Great news - Glad you are hooking up with them - Let us know how it goes.

No, I don't go to that group - but I have hooked up with some great groups and great folks in groups that get together to explore Buddhism.

Yeah I know what you mean about your family - ya think 'well, they could at least ask'. But they don't and it is sad - But at some point I stopped expecting it and was able to let it go eventually and still hoping that they were happy.

And you are absolutely right - only people with PTSD know what it is like - so in a way I cannot blame them as they really don't know how great it would be for us to have our family in our corner - so we must go it alone.

Hope things work out

Laurie
 
Hi Still Haunted,

I suffer from (complex) PTSD, too. I would not recommend New York City PTSD Support. My own limited contact with the organizer was disastrous. A year or so ago, I successfully rallied members of the group to participate in a PTSD meet, since none was forthcoming and I myself needed support at the time, but the organizer was really threatened by it and lashed out at me (in the comments section). I subsequently withdrew my membership. It's a true story :)
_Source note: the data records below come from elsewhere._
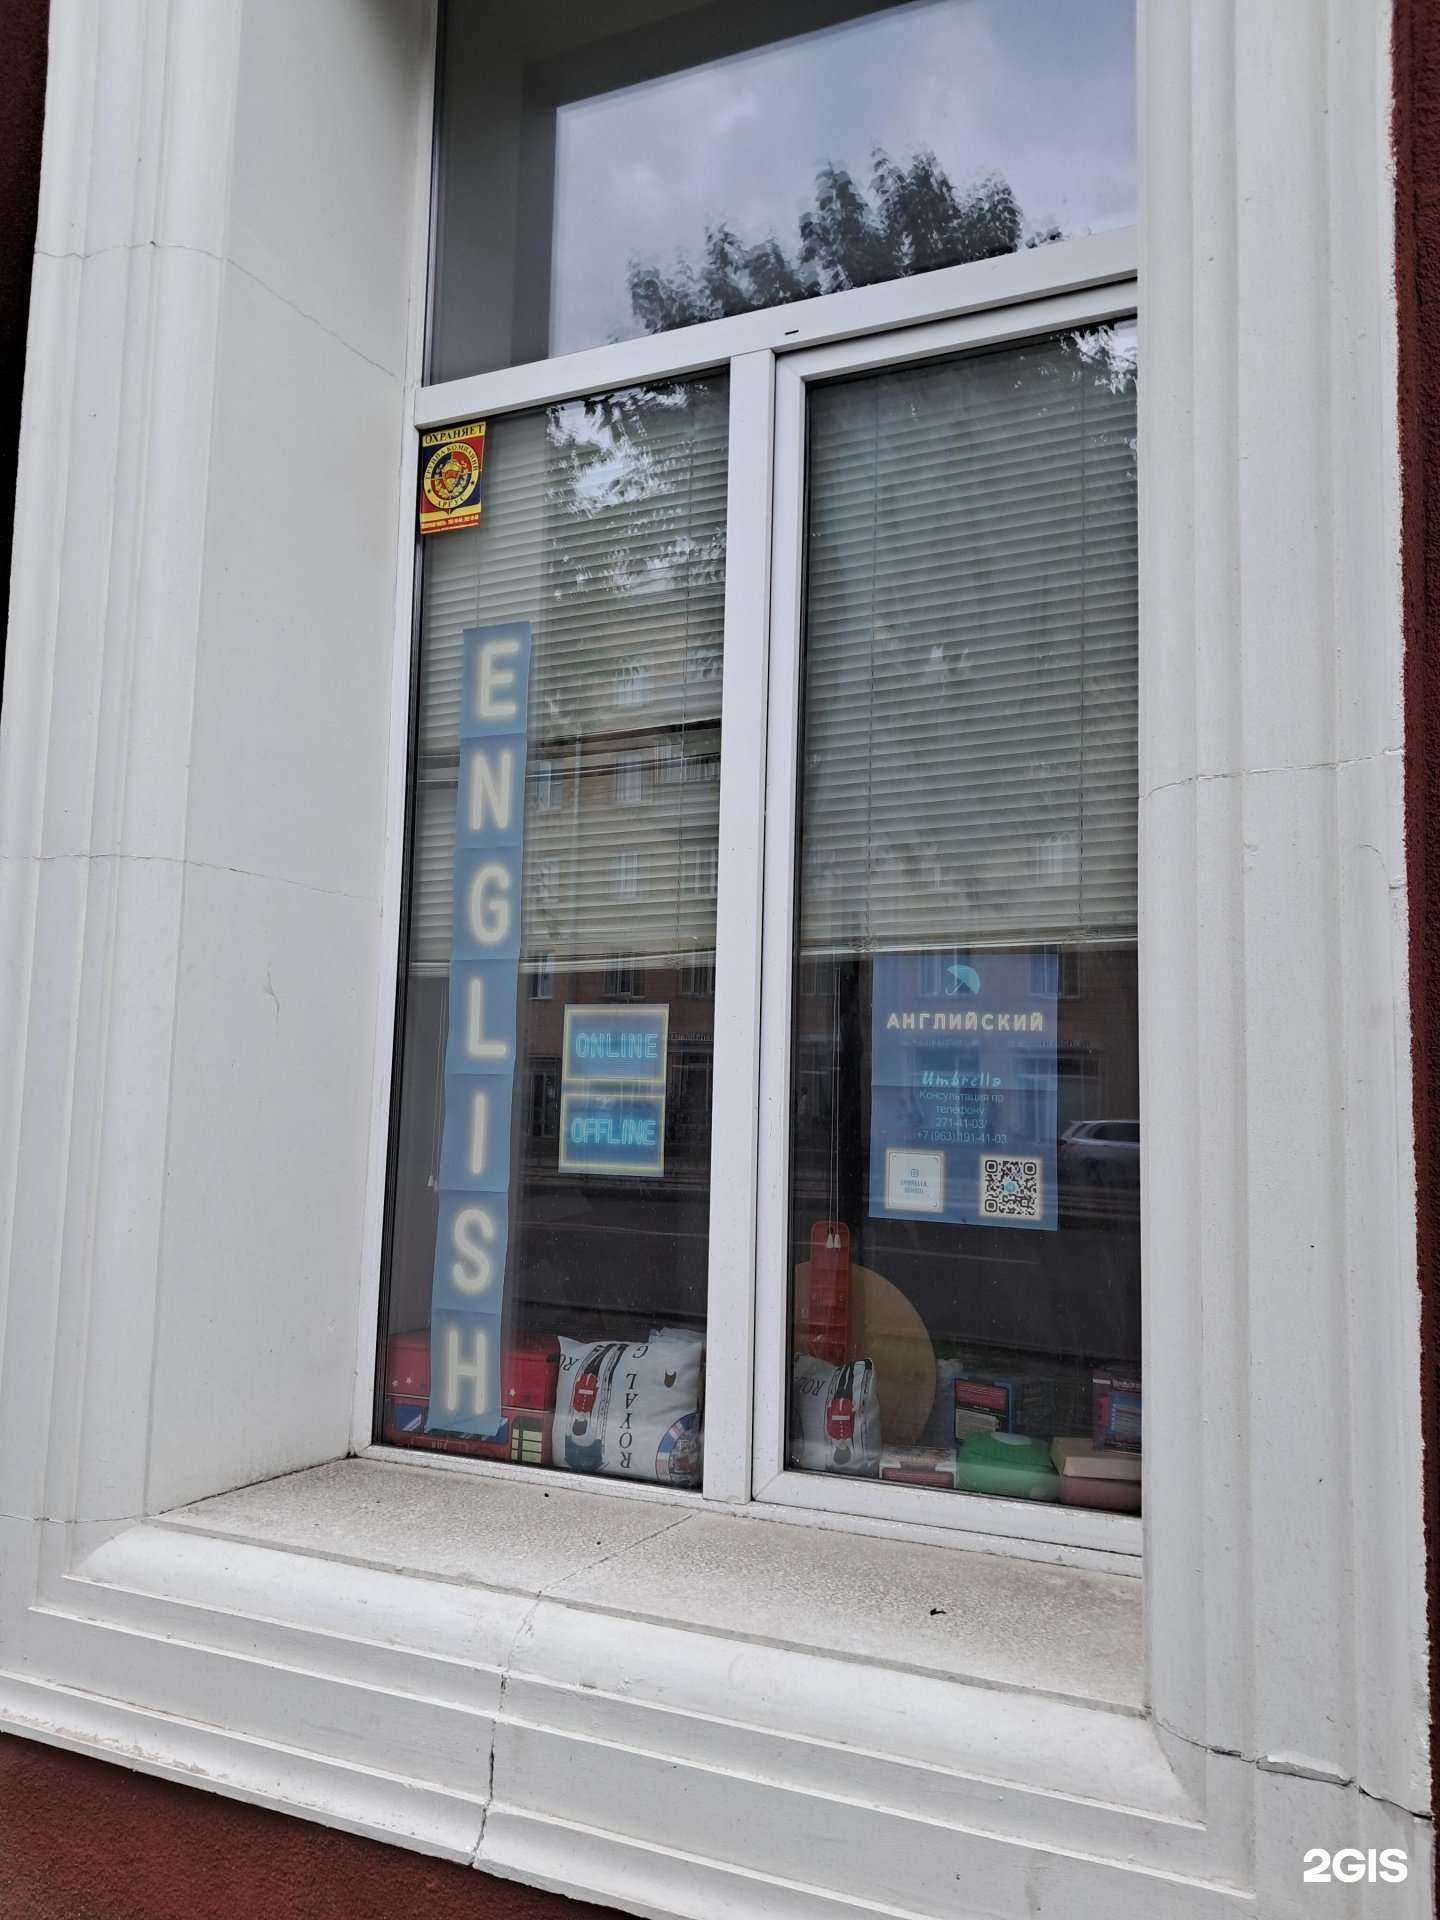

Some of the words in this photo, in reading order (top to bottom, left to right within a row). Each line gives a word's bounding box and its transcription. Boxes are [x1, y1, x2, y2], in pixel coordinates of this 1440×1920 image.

[425, 423, 484, 445] ОХРАНЯЕТ
[446, 638, 521, 1415] ENGLISH
[886, 1011, 1043, 1032] АНГЛИЙСКИЙ
[575, 1032, 658, 1059] ONLINE
[921, 1071, 1001, 1087] Umbrella
[571, 1117, 657, 1146] OFFLINE
My own life came to a screeching halt four years ago, following severe trauma, and I'm now in the process of trying to find and heal all pieces or parts of my self. My daily life is a constant struggle, but I find pockets of hope and inspiration in real sharing and closeness with other people. I'm a fun-loving, funny!, warm, hip, open-minded person in your age range and would be willing to meet you to see if we connect in some way. I just don't know how one does it on this site without breaching confidentiality.
 
I'm a fun-loving, funny!, warm, hip, open-minded person in your age range and would be willing to meet you to see if we connect in some way. I just don't know how one does it on this site without breaching confidentiality.

You can use the PC function to have a private conversation with any member, and that will not be searchable or ever made public. However, you are a new member, and I would caution you against being too open with any identity on the web. A big part of what this site does is let people build supportive and organic relationships over time. I'm sure you can trust in your own motives for offering to meet, but you cannot necessarily trust in someone elses', nor they in yours.

I'm saying this not to induce paranoia or panic. I remember when I first joined I was so thrilled to find a community that I would have met anyone for coffee; that's a pretty normal impulse, but not actually the safest thing to do at the outset.